DATA TO USE -
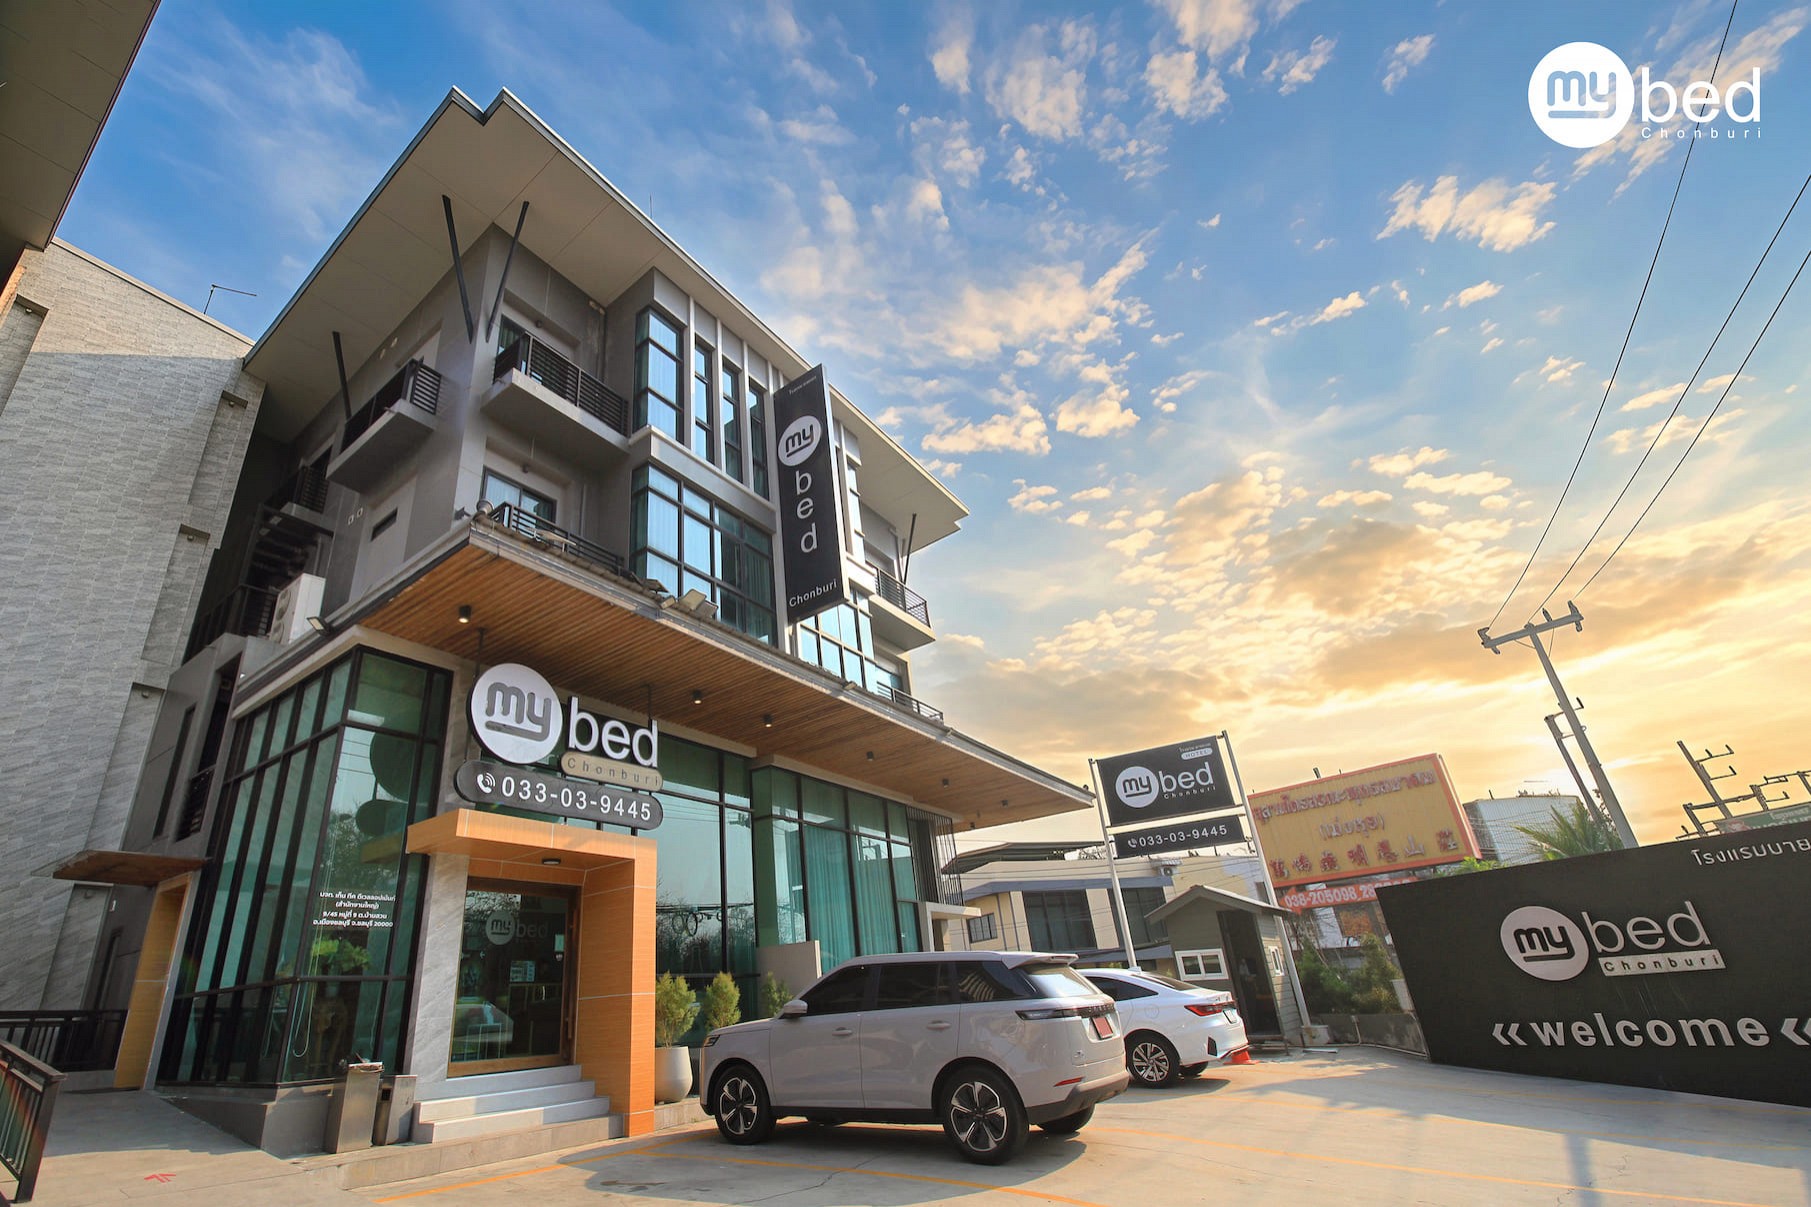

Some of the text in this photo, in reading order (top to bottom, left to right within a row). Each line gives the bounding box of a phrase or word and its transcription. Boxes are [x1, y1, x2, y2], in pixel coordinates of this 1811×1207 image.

[785, 423, 814, 459] my
[788, 578, 838, 607] Chonburi
[485, 681, 659, 768] my bed
[566, 757, 660, 787] Chonburi
[1122, 761, 1214, 798] my bed
[501, 776, 651, 821] 033-03-9445
[1163, 786, 1216, 800] Chonburi
[1139, 824, 1228, 847] 033-03-9445
[335, 900, 380, 910] (สำนักงานใหญ่)
[374, 920, 394, 928] 20000
[490, 919, 512, 936] my
[1513, 900, 1712, 963] my bed
[1603, 953, 1722, 972] Chonburi
[1529, 1012, 1771, 1047] welcome

WORK TO BE COMPLETED - Repeat each record exactly, with the pictures left out.

TASK RESPONSE -
Some of the text in this photo, in reading order (top to bottom, left to right within a row). Each line gives the bounding box of a phrase or word and its transcription. Boxes are [x1, y1, x2, y2], in pixel coordinates of this 1811×1207 image.

[785, 423, 814, 459] my
[788, 578, 838, 607] Chonburi
[485, 681, 659, 768] my bed
[566, 757, 660, 787] Chonburi
[1122, 761, 1214, 798] my bed
[501, 776, 651, 821] 033-03-9445
[1163, 786, 1216, 800] Chonburi
[1139, 824, 1228, 847] 033-03-9445
[335, 900, 380, 910] (สำนักงานใหญ่)
[374, 920, 394, 928] 20000
[490, 919, 512, 936] my
[1513, 900, 1712, 963] my bed
[1603, 953, 1722, 972] Chonburi
[1529, 1012, 1771, 1047] welcome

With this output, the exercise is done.